In general, people have a lot of misunderstandings about sharks, and it makes sense. Most of us only see sharks on TV or in movies, and they’re often the villain of the story — a creature with sinister intentions stalking people and hungry for blood. However, the reality is very different, sharks are not very dangerous to humans, but they are everywhere — and there’s a map that tracks where Sharks are roaming in the ocean.
OCEARCH is a non-profit organization researching sharks by collecting data from the animals themselves through tracking wild sharks. Since 2007, the research team has undergone 45 expeditions and has tagged 437 animals. Those tags allow researchers to track where the animals are in the vast ocean, and anyone can follow along with the organization’s tracking map.
At a glance, you can see sharks all over, with many of them along the beach shores of the United States and Australia. However, OCEARCH tracking isn’t meant to warn people of sharks along the coast of popular beaches because they’re always there, they’ve always been there, and they’re not putting humans in danger.
The OCEARCH research teams hope their tracking data will de-Jawsify the general misunderstanding that these giant mammals are a threat to people and that looking for blood when they get close to the shoreline.

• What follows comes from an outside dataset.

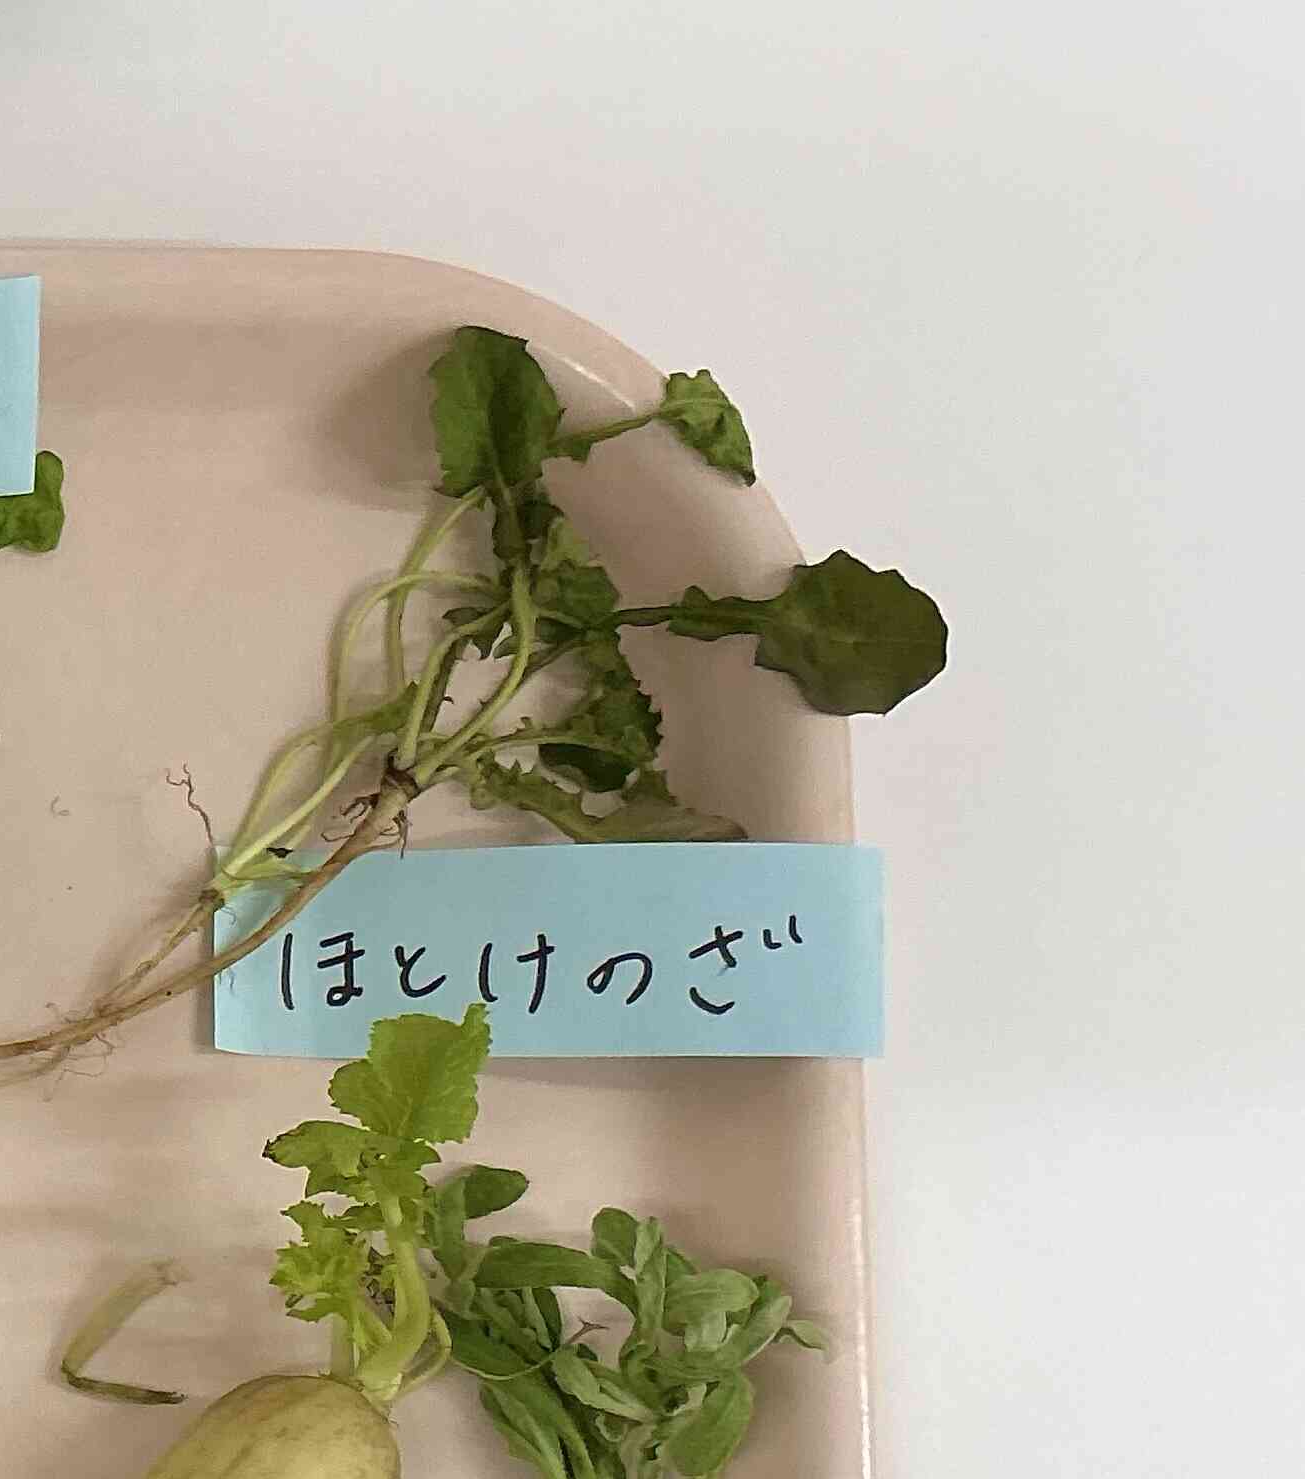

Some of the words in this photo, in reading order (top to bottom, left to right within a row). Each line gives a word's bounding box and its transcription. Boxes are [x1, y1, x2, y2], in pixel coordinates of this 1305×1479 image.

[280, 913, 804, 1015] ほとけのざ

According to the National Ocean Service, we really shouldn’t fear sharks because most “are not dangerous to humans” and “people are not part of their natural diet.” And it’s essential to keep in mind that sharks are endangered because of humans, primarily due to overfishing, illegal fishing, and bycatching— when sharks are caught incidentally by fishing gear.
As parents, it’s good to help teach our kids that sharks aren’t something we should be afraid of, not only because that fear is built on assumptions but also because fearing sharks unnecessarily may harm our kids.

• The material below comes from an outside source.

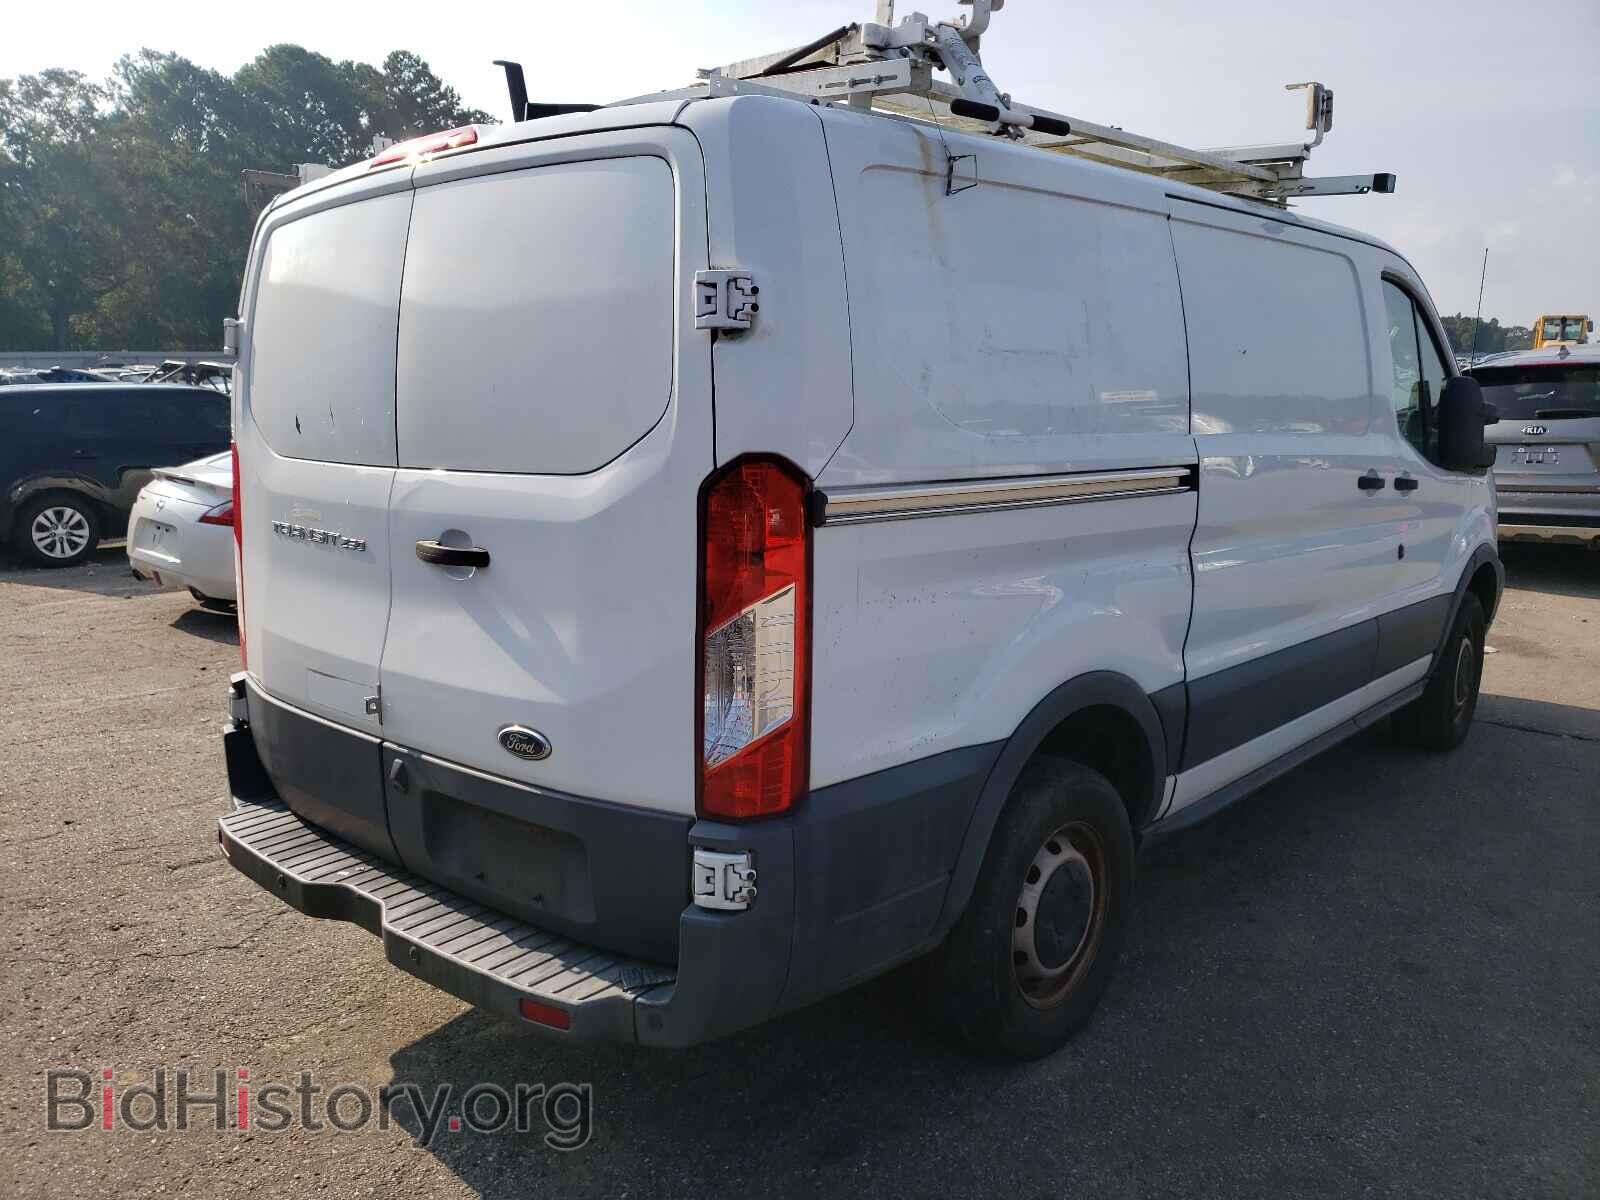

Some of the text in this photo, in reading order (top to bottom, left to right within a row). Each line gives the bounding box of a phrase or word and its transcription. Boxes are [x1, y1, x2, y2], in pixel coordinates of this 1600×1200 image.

[1526, 425, 1545, 434] KIA
[271, 520, 341, 545] TRANSIT
[506, 733, 536, 754] Ford

“If your kid is afraid of the water, they’re not going to experience all the other things that the oceans have to offer,” Jasmin Graham, a marine biologist at the Mote Marine Laboratory and Aquarium in Florida, told National Geographic. “The last thing you want to do is take that away from your kid.”
She continued, “Every time you get in the water, there are probably about 20 sharks in that area, and you don’t see them. They’re staying out of your way. They’re just living their lives.”
Graham also said that it’s good to let our kids know that these creatures have more to fear from humans than we do for them, sharing that it’s estimated that humans kill approximately 100 million sharks every year — sharks kill four people on average.
“So, of the two animals in this situation, one is definitely a bigger threat to the other,” Graham said.
National Geographic shares that teaching our kids about sharks and showing them books and documentaries about sharks can pique their interest without adding in any unnecessary fear.
Be sure to check out the OCEARCH map with your kids, too.